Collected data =
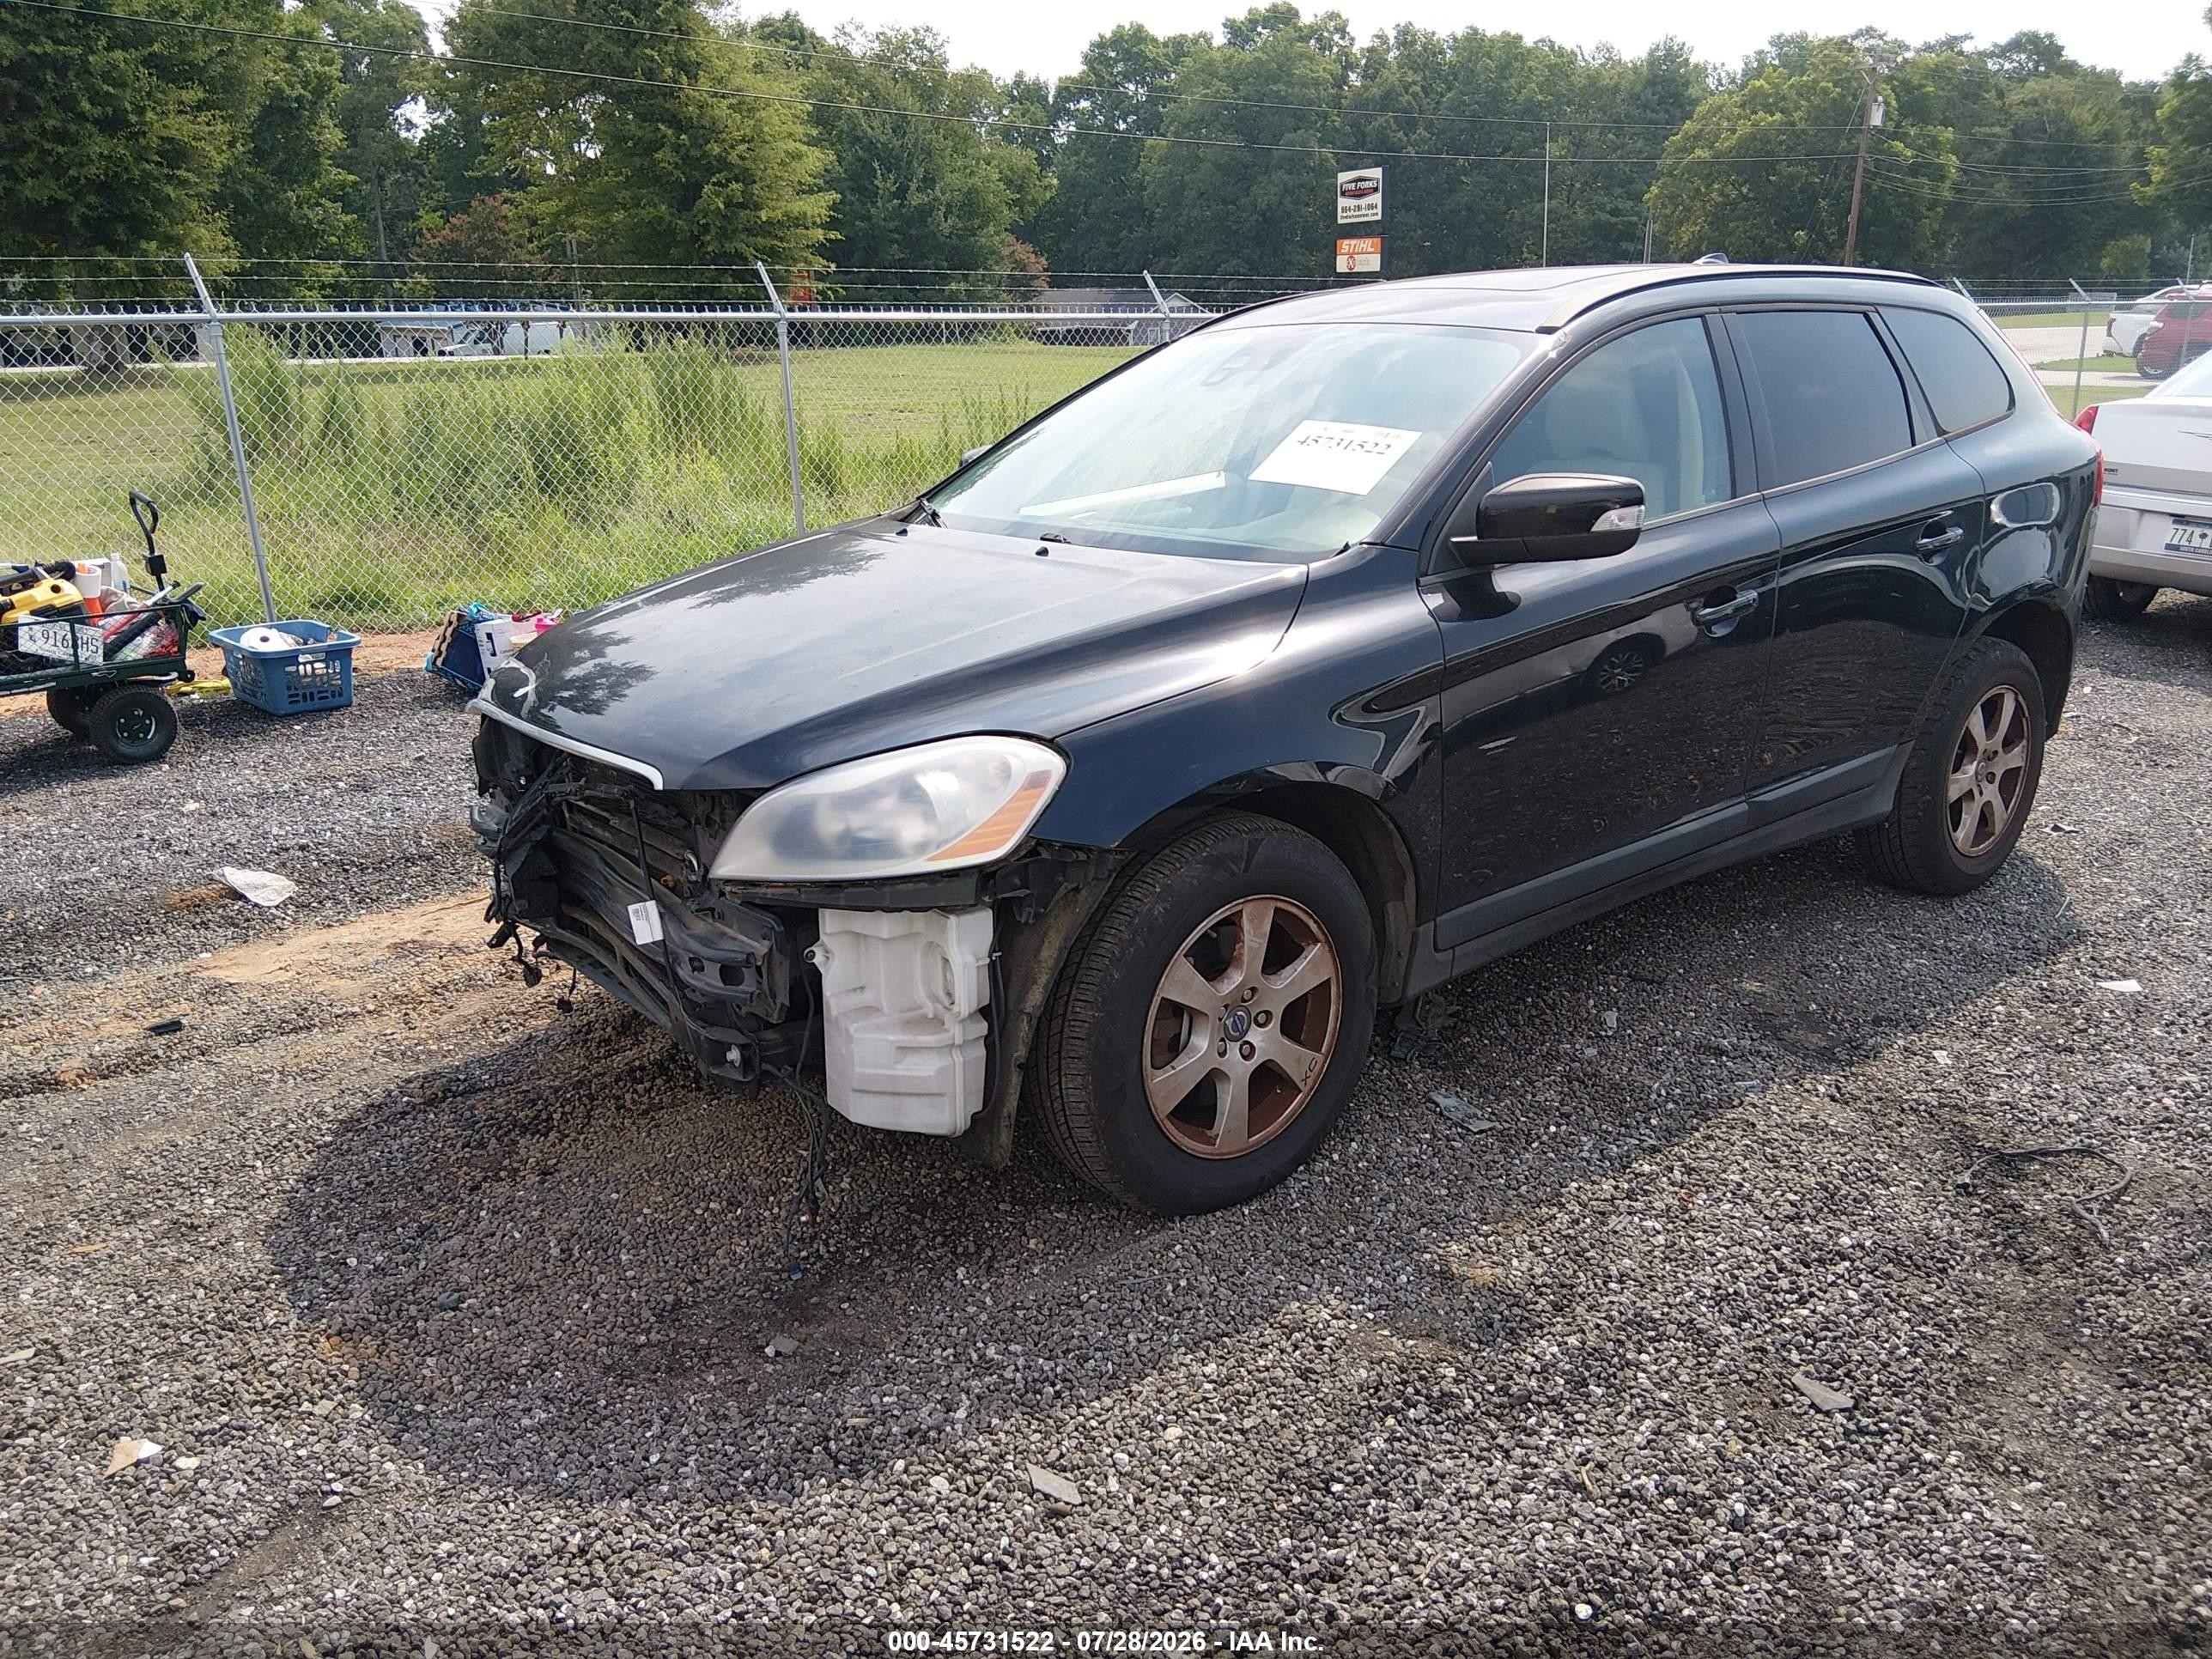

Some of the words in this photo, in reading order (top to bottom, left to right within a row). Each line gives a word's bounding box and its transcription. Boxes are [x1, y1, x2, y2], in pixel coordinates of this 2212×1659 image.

[1342, 182, 1357, 191] FIVE
[1357, 179, 1377, 189] FORKS
[1340, 240, 1375, 253] STIHL
[1297, 434, 1392, 455] 45731522
[2169, 527, 2195, 545] 774
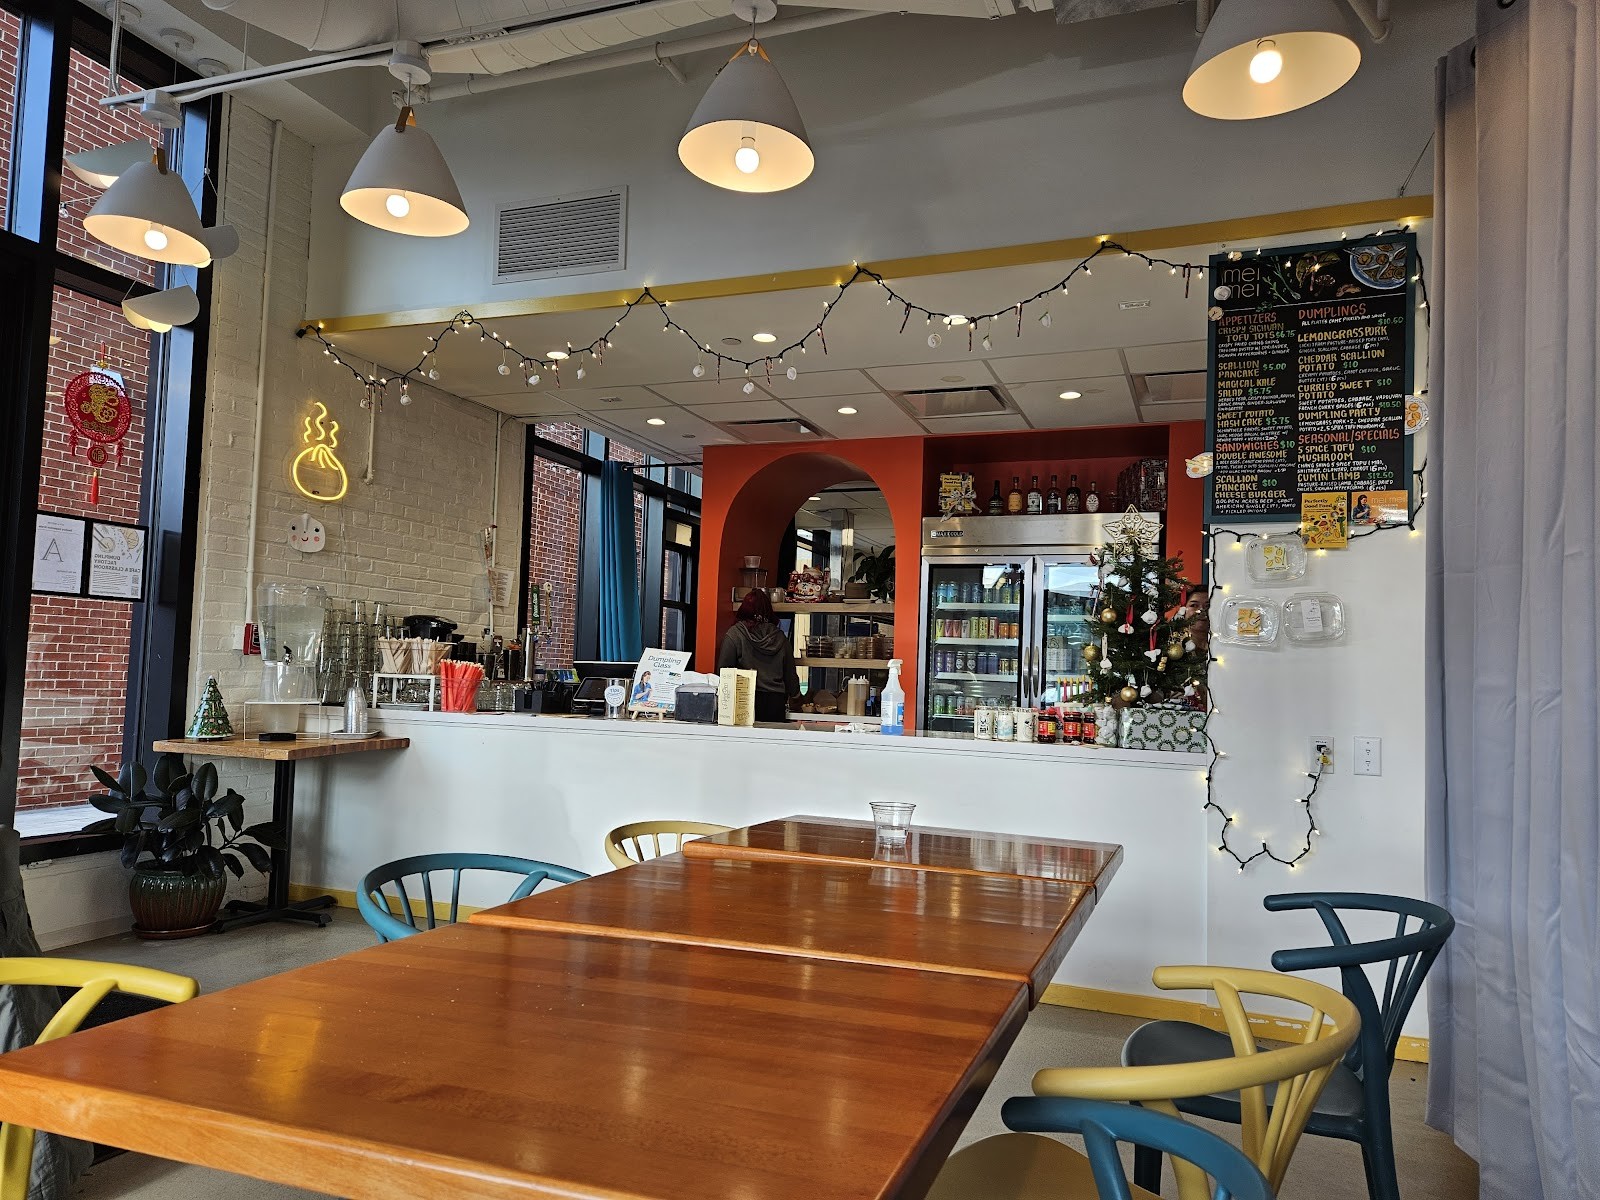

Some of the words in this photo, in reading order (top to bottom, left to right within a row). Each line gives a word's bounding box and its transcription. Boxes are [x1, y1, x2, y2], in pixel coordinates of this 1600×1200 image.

[1223, 268, 1260, 284] mei
[1298, 302, 1367, 320] DUMPLINGS
[1218, 312, 1277, 327] APPETIZERS
[1218, 326, 1246, 335] CRISPY
[1248, 322, 1284, 333] SICHUAN
[1298, 327, 1364, 342] LEMONGRASS
[1364, 326, 1388, 336] PORK
[1225, 333, 1250, 342] TOFU
[1252, 330, 1276, 341] TOTS
[1276, 330, 1296, 338] $6.75
[1298, 353, 1338, 364] CHEDDAR
[1340, 348, 1385, 361] SCALLION
[1218, 360, 1260, 370] SCALLION
[1262, 362, 1287, 370] $5.00
[1298, 362, 1335, 372] POTATO
[1342, 360, 1358, 369] $10
[1218, 368, 1260, 378] PANCAKE
[1218, 379, 1255, 388] MAGICAL
[1256, 377, 1276, 387] KALE
[1298, 382, 1338, 392] CURRIED
[1340, 380, 1374, 390] SWEET
[1376, 378, 1392, 386] $10
[1218, 388, 1244, 398] SALAD
[1248, 386, 1272, 396] $5.75
[1298, 390, 1335, 400] POTATO
[1216, 411, 1245, 420] SWEET
[1245, 409, 1274, 418] POTATO
[1298, 409, 1348, 420] DUMPLING
[1348, 407, 1381, 418] PARTY
[1217, 419, 1240, 428] HASH
[1242, 418, 1264, 427] CAKE
[1266, 416, 1290, 426] $5.75
[1298, 428, 1400, 444] SEASONAL/SPECIALS
[1216, 440, 1280, 452] SANDWICHES
[1280, 440, 1296, 449] $10
[1298, 446, 1304, 454] 5
[1304, 444, 1330, 454] SPICE
[1331, 443, 1355, 452] TOFU
[1360, 445, 1376, 454] $10
[1216, 452, 1247, 460] DOUBLE
[1248, 449, 1288, 460] AWESOME
[1298, 452, 1354, 462] MUSHROOM
[1216, 474, 1258, 484] SCALLION
[1262, 478, 1278, 487] $10
[1298, 472, 1329, 482] CUMIN
[1331, 471, 1361, 481] LAMB
[1368, 471, 1394, 480] $12.50
[1216, 482, 1258, 492] PANCAKE
[1215, 491, 1247, 499] CHEESE
[1248, 490, 1287, 499] BURGER
[648, 655, 682, 666] Dumpling

Your assignment =
Output the data above without changes, apart from leaving out the pictures.

Output for this exercise =
Some of the words in this photo, in reading order (top to bottom, left to right within a row). Each line gives a word's bounding box and its transcription. Boxes are [x1, y1, x2, y2], in pixel coordinates of this 2212×1659 image.

[1342, 182, 1357, 191] FIVE
[1357, 179, 1377, 189] FORKS
[1340, 240, 1375, 253] STIHL
[1297, 434, 1392, 455] 45731522
[2169, 527, 2195, 545] 774

Some of the words in this photo, in reading order (top to bottom, left to right within a row). Each line gives a word's bounding box and its transcription. Boxes are [x1, y1, x2, y2], in pixel coordinates of this 1600×1200 image.

[1223, 268, 1260, 284] mei
[1298, 302, 1367, 320] DUMPLINGS
[1218, 312, 1277, 327] APPETIZERS
[1218, 326, 1246, 335] CRISPY
[1248, 322, 1284, 333] SICHUAN
[1298, 327, 1364, 342] LEMONGRASS
[1364, 326, 1388, 336] PORK
[1225, 333, 1250, 342] TOFU
[1252, 330, 1276, 341] TOTS
[1276, 330, 1296, 338] $6.75
[1298, 353, 1338, 364] CHEDDAR
[1340, 348, 1385, 361] SCALLION
[1218, 360, 1260, 370] SCALLION
[1262, 362, 1287, 370] $5.00
[1298, 362, 1335, 372] POTATO
[1342, 360, 1358, 369] $10
[1218, 368, 1260, 378] PANCAKE
[1218, 379, 1255, 388] MAGICAL
[1256, 377, 1276, 387] KALE
[1298, 382, 1338, 392] CURRIED
[1340, 380, 1374, 390] SWEET
[1376, 378, 1392, 386] $10
[1218, 388, 1244, 398] SALAD
[1248, 386, 1272, 396] $5.75
[1298, 390, 1335, 400] POTATO
[1216, 411, 1245, 420] SWEET
[1245, 409, 1274, 418] POTATO
[1298, 409, 1348, 420] DUMPLING
[1348, 407, 1381, 418] PARTY
[1217, 419, 1240, 428] HASH
[1242, 418, 1264, 427] CAKE
[1266, 416, 1290, 426] $5.75
[1298, 428, 1400, 444] SEASONAL/SPECIALS
[1216, 440, 1280, 452] SANDWICHES
[1280, 440, 1296, 449] $10
[1298, 446, 1304, 454] 5
[1304, 444, 1330, 454] SPICE
[1331, 443, 1355, 452] TOFU
[1360, 445, 1376, 454] $10
[1216, 452, 1247, 460] DOUBLE
[1248, 449, 1288, 460] AWESOME
[1298, 452, 1354, 462] MUSHROOM
[1216, 474, 1258, 484] SCALLION
[1262, 478, 1278, 487] $10
[1298, 472, 1329, 482] CUMIN
[1331, 471, 1361, 481] LAMB
[1368, 471, 1394, 480] $12.50
[1216, 482, 1258, 492] PANCAKE
[1215, 491, 1247, 499] CHEESE
[1248, 490, 1287, 499] BURGER
[648, 655, 682, 666] Dumpling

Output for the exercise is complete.